En todas nuestras pacientes fue posible ocluir los conductos císticos con los pequeños clip de una clipadora de 5mm introducida por el puerto umbilical, pero en caso de presentarse conductos con diámetros mayores a la apertura de éstos, la ligadura puede ser realizada con un endoloop utilizando este mismo puerto.

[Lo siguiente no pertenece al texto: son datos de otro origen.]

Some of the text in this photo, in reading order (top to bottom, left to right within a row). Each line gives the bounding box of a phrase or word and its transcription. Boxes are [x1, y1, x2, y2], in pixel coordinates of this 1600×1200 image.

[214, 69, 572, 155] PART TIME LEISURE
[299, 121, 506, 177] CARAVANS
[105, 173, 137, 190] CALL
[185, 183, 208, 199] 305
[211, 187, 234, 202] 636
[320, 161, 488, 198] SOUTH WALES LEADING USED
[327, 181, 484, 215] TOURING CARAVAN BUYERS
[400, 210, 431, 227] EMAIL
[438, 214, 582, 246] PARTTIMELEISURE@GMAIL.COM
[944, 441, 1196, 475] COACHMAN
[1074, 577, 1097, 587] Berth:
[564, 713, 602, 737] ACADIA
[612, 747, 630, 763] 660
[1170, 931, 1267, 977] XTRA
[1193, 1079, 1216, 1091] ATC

Si exceptuamos estas últimas observaciones, desde el punto de vista técnico no encontramos diferencias con respecto a la colecistectomía laparoscópica tradicional, pues se logra una excelente visión de las estructuras del hilio hepático y permite una adecuada disección. Es evidente que la apertura y el cierre de la colpotomía incrementó entre 8 y 15min el tiempo quirúrgico de la intervención, pero los beneficios que suponen la disminución del número de los puertos en la pared abdominal y el menor diámetro de éstos parecen compensar los resultados finales, pues se logra disminuir el dolor postoperatorio y un mejor resultado estético, aunque se necesitarán estudios futuros que lo demuestren. Por otro lado, si las condiciones anatómicas locales hacen muy difícil la colecistectomía, siempre existe la posibilidad de convertirla a cirugía laparoscópica tradicional incrementando el número de puertos en la pared abdominal o realizar la conversión a cirugía abierta.

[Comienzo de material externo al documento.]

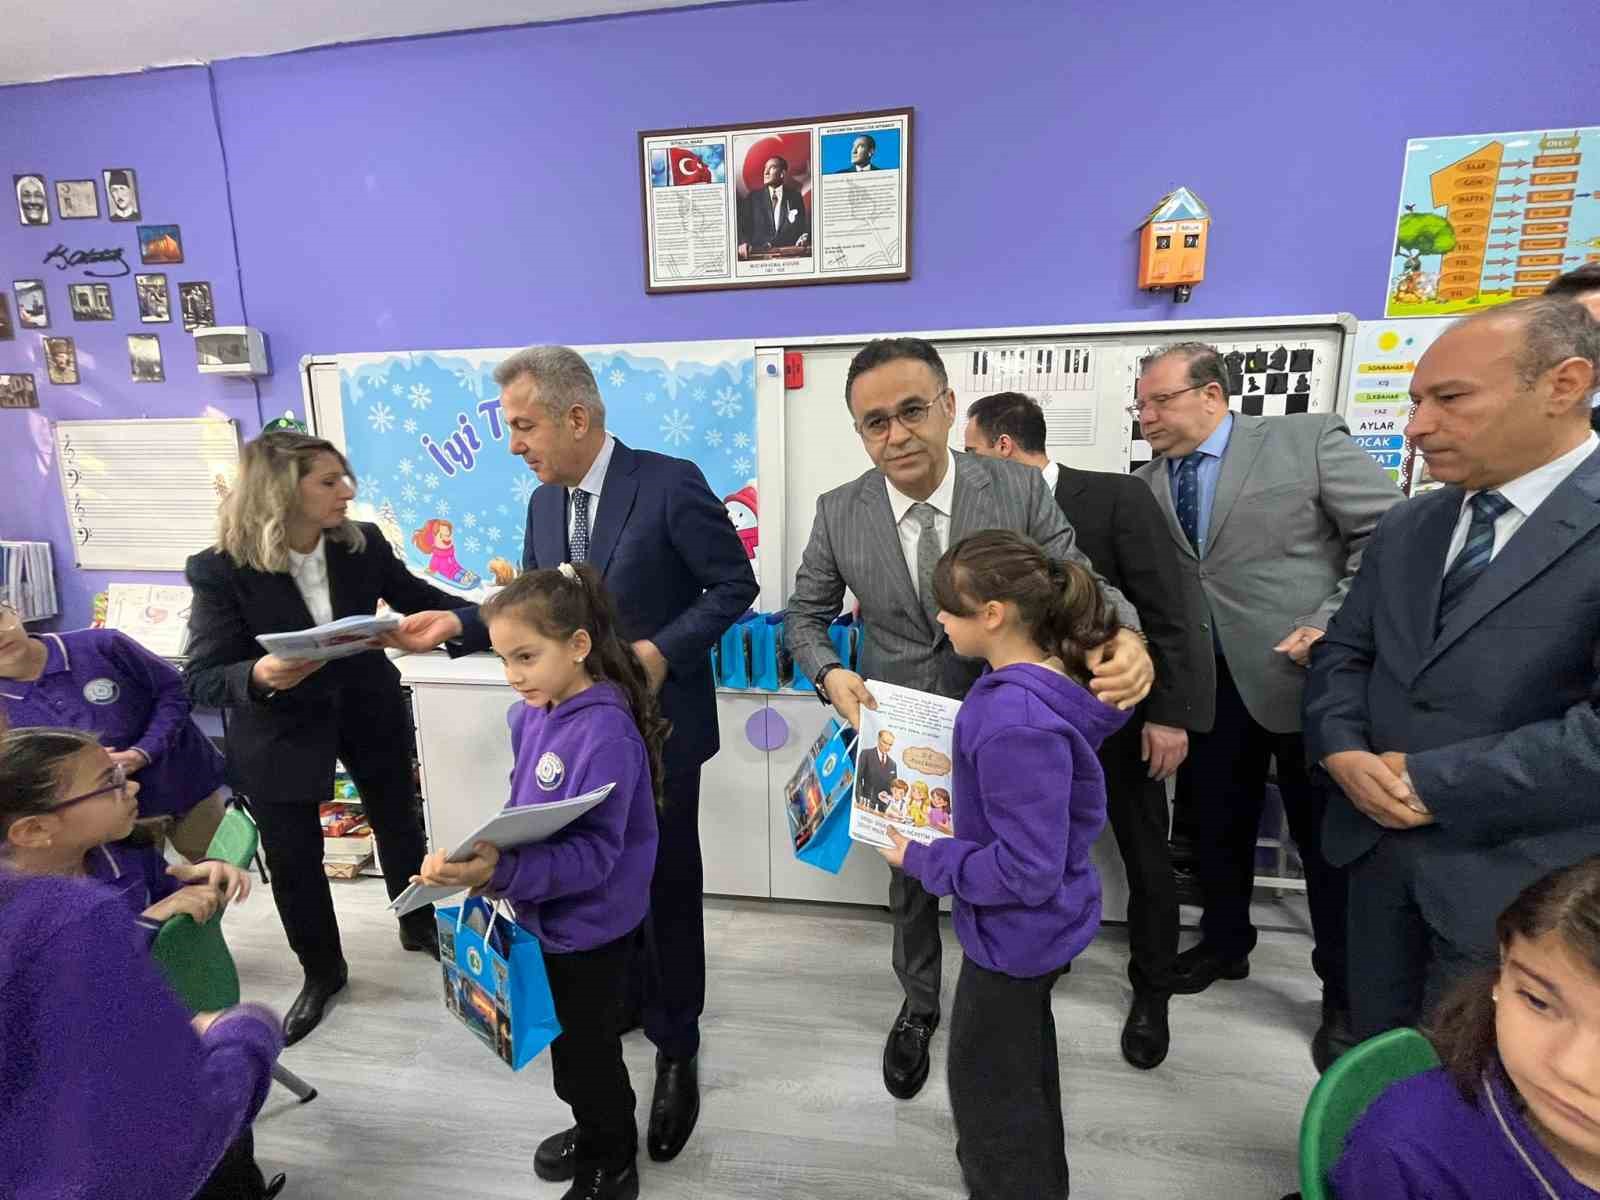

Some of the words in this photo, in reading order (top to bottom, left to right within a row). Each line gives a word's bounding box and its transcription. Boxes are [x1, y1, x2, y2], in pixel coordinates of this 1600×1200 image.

[421, 414, 481, 475] İyi
[478, 399, 503, 439] T
[1360, 421, 1394, 431] AYLAR

A nuestro criterio, la colecistectomía transvaginal asistida por minilaparoscopia realizada por cirujanos generales utilizando el mismo instrumental rígido de la cirugía laparoscópica tiene evidentes ventajas sobre las colecistectomía realizadas con endoscopios flexibles, sin importar la ruta que se utilice (transgástrica, transvaginal pura, transvaginal asistida o transumbilical), debido a las limitaciones quirúrgicas que presentan actualmente estos instrumentos flexibles y a otros factores que expresábamos al inicio de la discusión al referirnos a NOTES. También creemos que es más adecuada que la colecistectomía transumbilical realizada con instrumentos rígidos17, debido a que en ésta los instrumentos de trabajo no permiten triangulación, pues al situarlos todos en la región umbilical toman una dirección casi paralela, lo cual no debe permitir una adecuada disección, por lo que suponemos debe de resultar muy incómodo al cirujano y peligroso en la vías biliares, creando un mayor riesgo de lesiones iatrogénicas; se añade a ello que la longitud de la incisión necesaria a nivel del ombligo para introducir varios trocares resulta mayor que en la realizada a nuestras pacientes, que es de sólo 5mm.

Conclusiones

La colecistectomía transvaginal asistida por minilaparoscopia puede realizarse en pacientes seleccionadas por un equipo integrado por cirujanos generales, de forma segura, con tiempos quirúrgicos adecuados y con mejores resultados estéticos que la colecistectomía laparoscópica tradicional. El empleo de los mismos instrumentos utilizados en la cirugía laparoscópica la hace más eficiente. MANOS puede ser un paso intermedio entre la cirugía laparoscópica y NOTES.